→ Problem to work on
Your response must be the entire set of entries, reproduced word for word.

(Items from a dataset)
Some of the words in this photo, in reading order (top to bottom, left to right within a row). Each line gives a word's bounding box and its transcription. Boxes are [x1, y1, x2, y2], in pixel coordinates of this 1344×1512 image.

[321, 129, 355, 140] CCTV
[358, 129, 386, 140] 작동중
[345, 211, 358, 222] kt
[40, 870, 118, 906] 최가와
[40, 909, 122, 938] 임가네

→ Response to the exercise
Some of the words in this photo, in reading order (top to bottom, left to right within a row). Each line gives a word's bounding box and its transcription. Boxes are [x1, y1, x2, y2], in pixel coordinates of this 1344×1512 image.

[321, 129, 355, 140] CCTV
[358, 129, 386, 140] 작동중
[345, 211, 358, 222] kt
[40, 870, 118, 906] 최가와
[40, 909, 122, 938] 임가네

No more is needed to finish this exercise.